Ischemic heart disease (IHD) is the single most common cause of death. New approaches to enhance myocardial perfusion are needed to improve outcomes for patients with IHD. Thyroid hormones (TH) are known to increase blood flow; however, their usefulness for increasing perfusion in IHD is limited because TH accelerates heart rate, which can be detrimental. Therefore, selective activation of TH effects is desirable. We hypothesized that cell-type-specific TH receptor (TR) expression can increase TH action in the heart, while avoiding the negative consequences of TH treatment. We generated a binary transgenic (BTG) mouse that selectively expresses TRα₁ in endothelial cells in a tetracycline-inducible fashion. In BTG mice, endothelial TRα₁ protein expression was increased by twofold, which, in turn, increased coronary blood flow by 77%, coronary conductance by 60%, and coronary reserve by 47% compared with wild-type mice. Systemic blood pressure was decreased by 20% in BTG mice after TRα₁ expression. No effects on heart rate were observed. Endothelial TRα₁ expression activated AKT/endothelial nitric oxide synthase pathway and increased A_2AR adenosine receptor.

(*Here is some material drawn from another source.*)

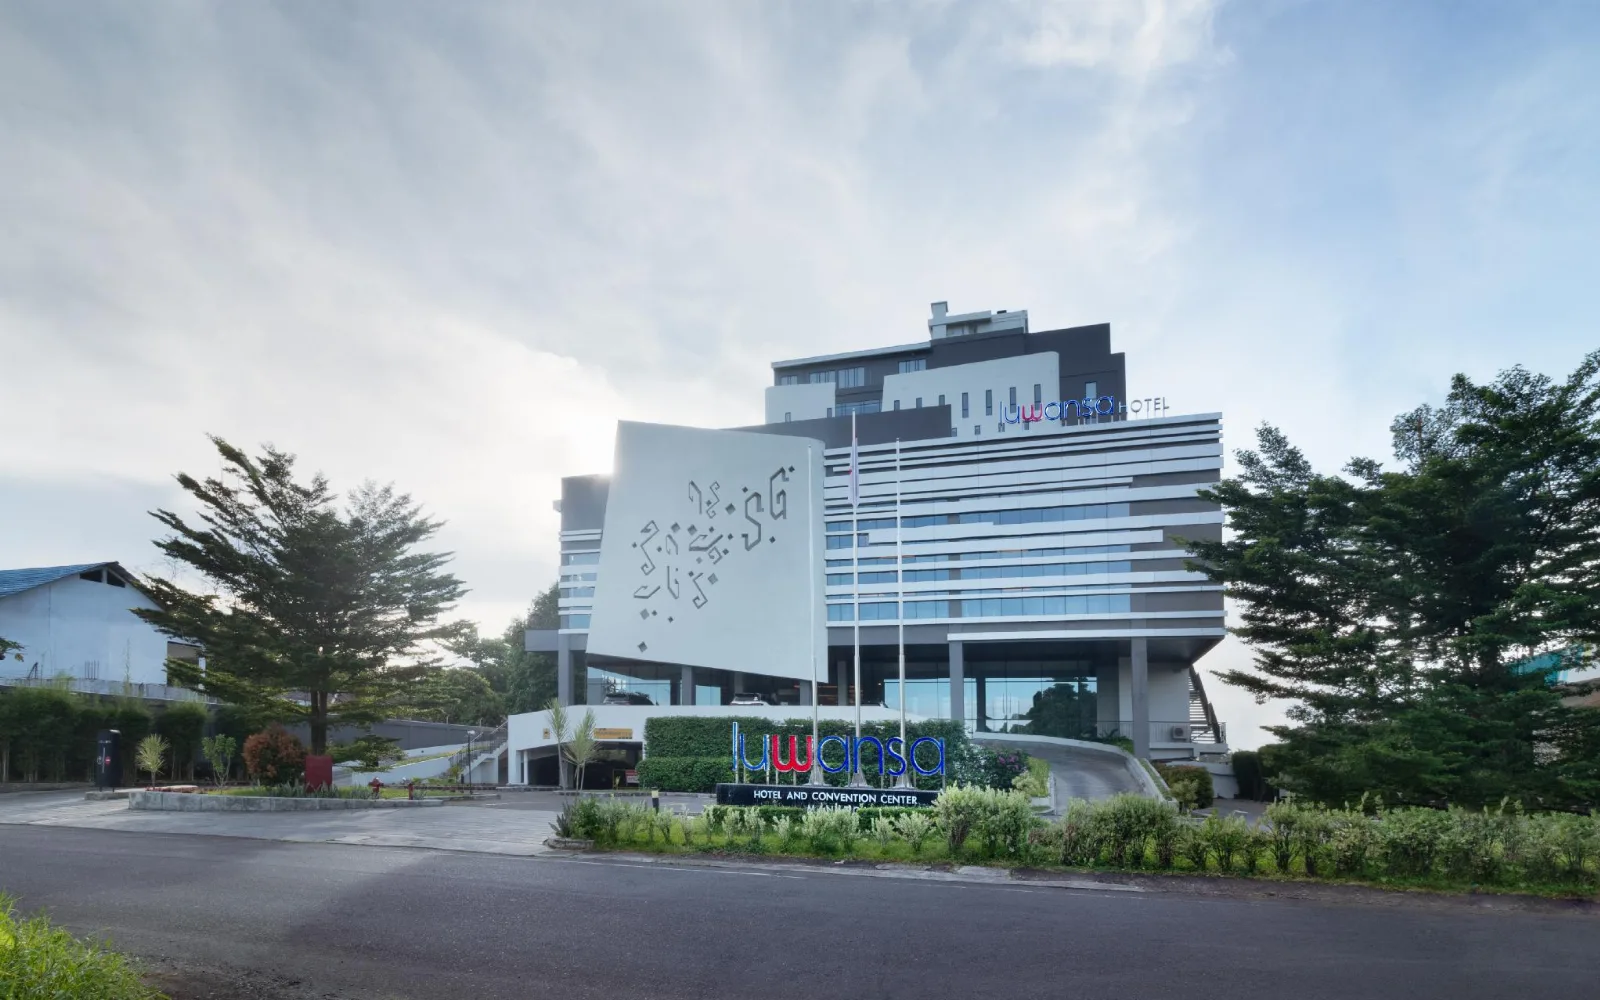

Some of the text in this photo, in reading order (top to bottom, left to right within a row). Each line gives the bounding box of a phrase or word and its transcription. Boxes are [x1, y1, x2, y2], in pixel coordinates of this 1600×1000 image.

Furthermore, hearts from BTG mice overexpressing TRα₁ that were submitted to 20 min ischemia and 20 min reperfusion showed a 20% decline in left ventricular pressure (LVP) compared with control mice where LVP was decreased by 42%. Studies using an infarction mouse model demonstrated that endothelial overexpression of TRα₁ decreased infarct size by 45%. In conclusion, selective expression of TRα₁ in endothelial cells protects the heart against injury after an ischemic insult and does not result in adverse cardiac or systemic effects.